8 – A escultura vai andando, já o curso, se arrastando

Consegui trabalhar na escultura, que chamo assim por falta de um nome melhor, acho que é mais um objeto ou quase uma instalação, ainda não sei como definí-la. Mas aqui, se é tridimensional, eles chamam de escultura. Por mim, podem chamar de abacate, dá no mesmo.

 

O atelier de escultura da faculdade é bárbaro! Enorme! Você pode trabalhar com o que quiser: ferro, pedra, argila, resina etc. Tenho trabalhado na serralheria. Sou absolutamente fascinada pelas ferramentas, equipamentos e, principalmente, por todo aquele espaço.

 

Não há nenhum glamour, é muito diferente das exposições e vernissages, mas é onde a coisa acontece de verdade. Na prática, os locais de trabalho costumam ser empoeirados e, para um olho menos treinado, sujo mesmo. E eu, a neurótica obsessiva por limpeza, nem me importo. Fico quase que literalmente, como pinto no lixo.

 

Estive pensando, as ferramentas que gosto de usar quase sempre são de trabalho pesado e possuem algo de risco. Talvez seja a necessidade de controlar o destino, de ser capaz de mudar as direções, forjar o metal. Talvez seja uma maneira de aproximar o perigo. No início, sentia esse perigo naturalmente presente, agora preciso caminhar até ele e, assim, margear o limite.

 

Trabalho ultraconcentrada, não quero perder um dedo.

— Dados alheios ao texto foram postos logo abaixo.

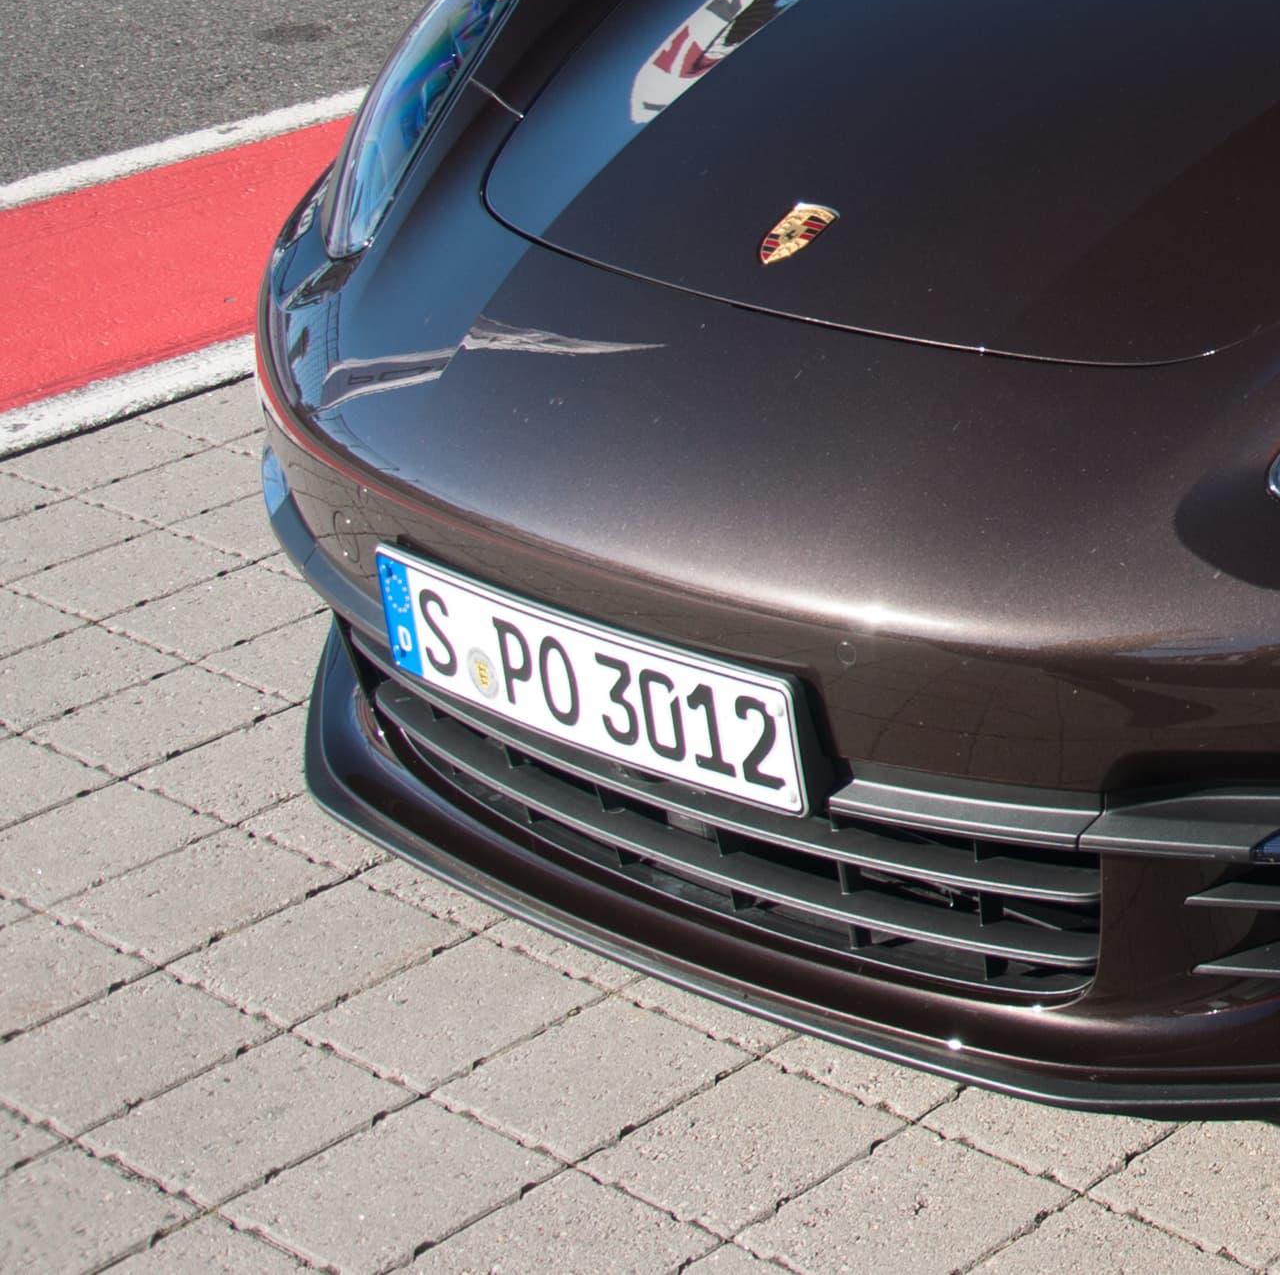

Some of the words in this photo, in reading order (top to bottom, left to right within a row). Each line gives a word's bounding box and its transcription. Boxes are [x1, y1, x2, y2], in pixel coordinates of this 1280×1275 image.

E das pouquíssimas vezes em que me distraio, recebo um recado violento: presta atenção! É o momento em que não só busco a solidão, mas preciso dela.

 

Sei que saio do atelier vestida de peão de obra, músculos doloridos, desodorante vencido, com uma luva nojenta de suja e carregando uma mochila grande, eu que não carrego nem bolsa. Na boa, saio um trubufu! E mesmo assim, com vontade de sorrir à toa.

 

De lá, normalmente, me dirijo às aulas teóricas, vou me arrastando. Minha expressão muda muito claramente. O curso começou bem, ainda que tenha feito minha vida mais difícil. Mas agora está um saco, me faz perder muito tempo! Fora a tentativa de manipulação patética para que a gente faça arte política de qualquer jeito. Uma turma de vinte e sete alunos, em que assistem as aulas uma média de dez. Acho que isso quer dizer alguma coisa, por exemplo, que meus novos colegas não são de todo bobos.

 

Fazer o que, como diz o velho e gasto jargão, tudo na vida tem um preço. De uma forma ou de outra, há pouco tempo me dei conta que, mesmo de uma maneira torta, estou voltando à ativa. Acho que isso deve ser um bom sinal.